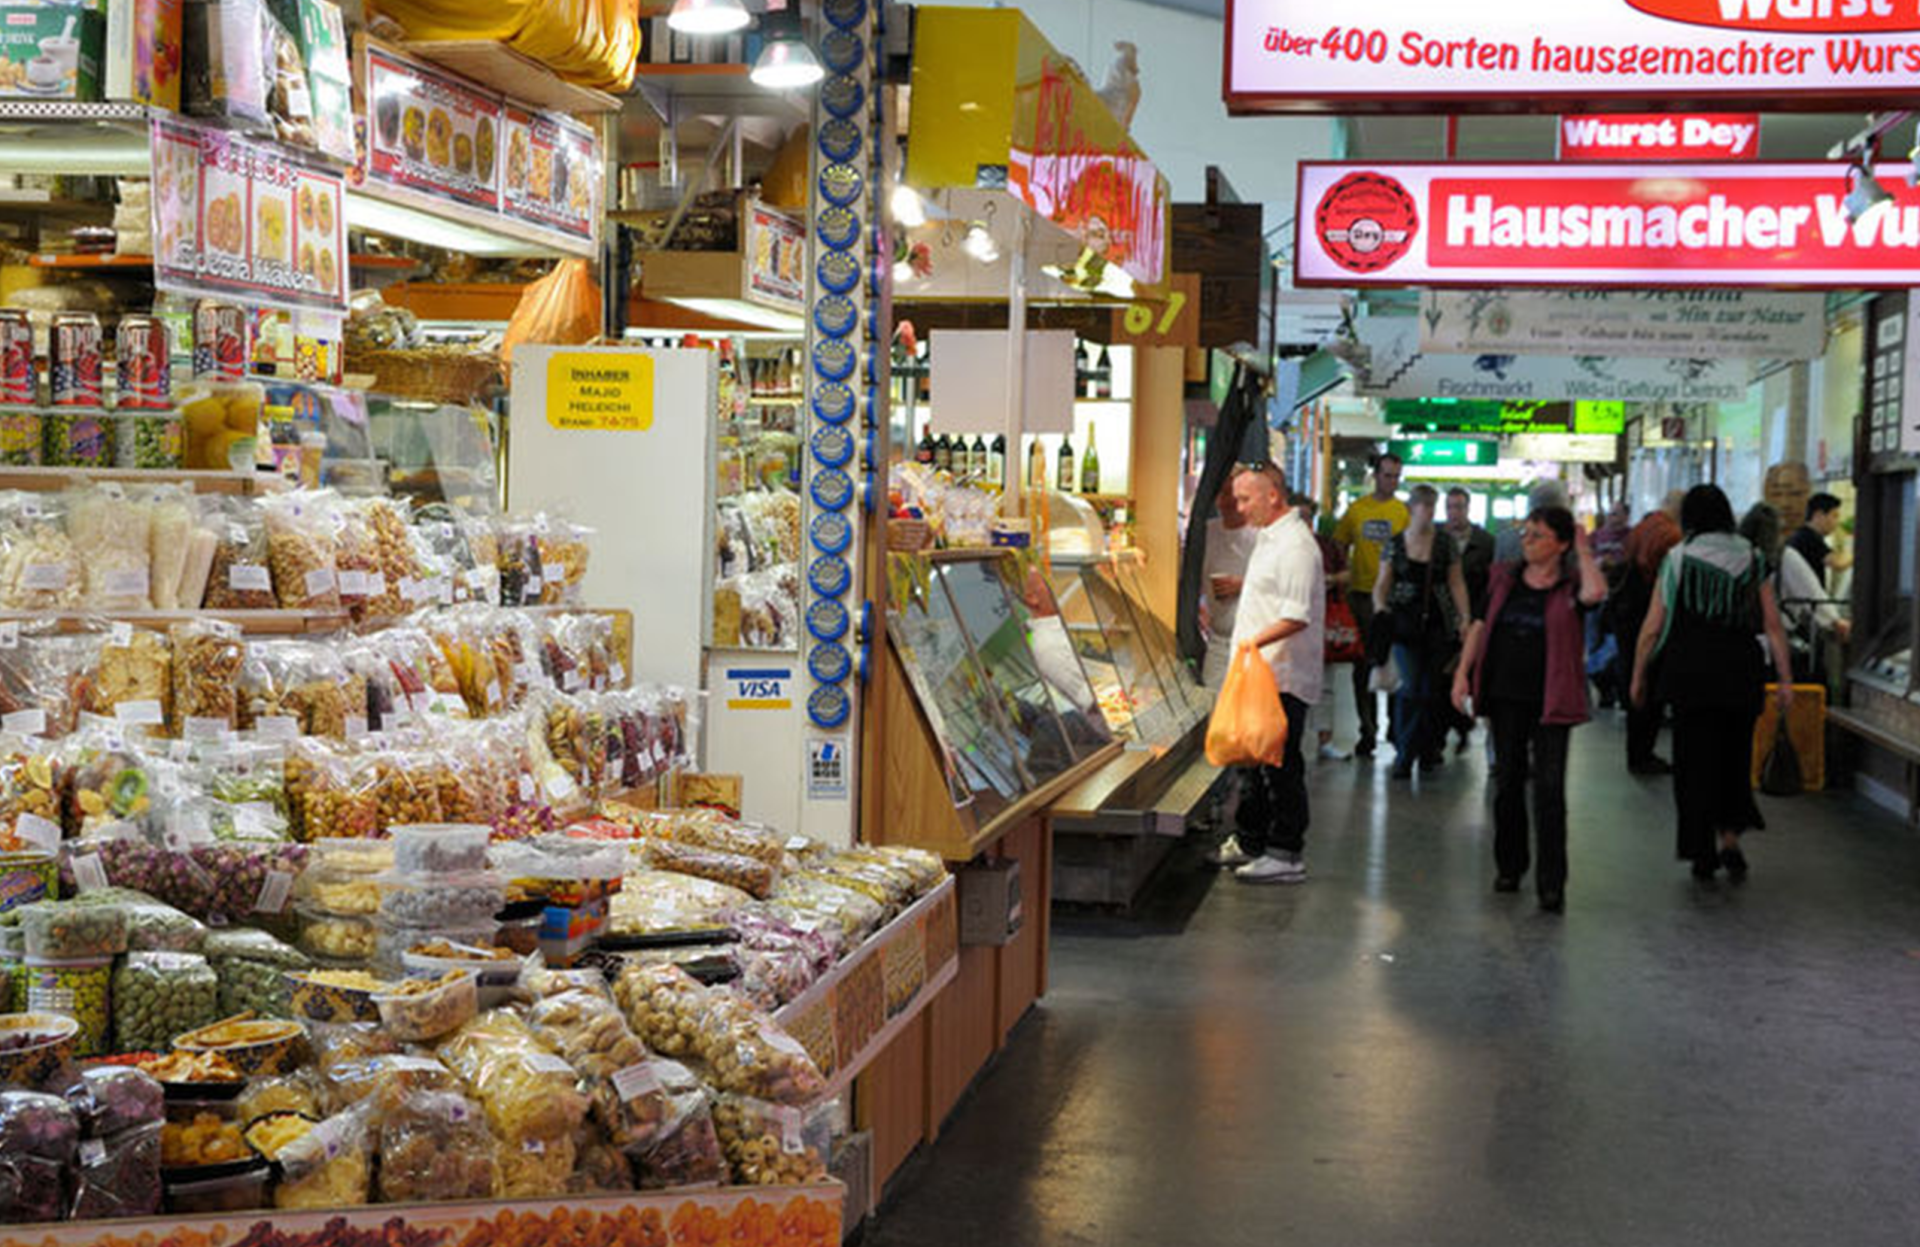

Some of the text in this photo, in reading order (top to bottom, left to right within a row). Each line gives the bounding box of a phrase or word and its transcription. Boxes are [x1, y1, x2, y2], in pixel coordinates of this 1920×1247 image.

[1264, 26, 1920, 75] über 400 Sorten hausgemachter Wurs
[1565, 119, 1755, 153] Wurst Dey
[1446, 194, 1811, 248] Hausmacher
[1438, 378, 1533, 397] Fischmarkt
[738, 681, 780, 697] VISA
• • • • • • •
• Work required:
Excluding the pictures, reproduce every entry exactly as given.

• Result for this exercise:
Some of the text in this photo, in reading order (top to bottom, left to right within a row). Each line gives the bounding box of a phrase or word and its transcription. Boxes are [x1, y1, x2, y2], in pixel coordinates of this 1920×1247 image.

[1264, 26, 1920, 75] über 400 Sorten hausgemachter Wurs
[1565, 119, 1755, 153] Wurst Dey
[1446, 194, 1811, 248] Hausmacher
[1438, 378, 1533, 397] Fischmarkt
[738, 681, 780, 697] VISA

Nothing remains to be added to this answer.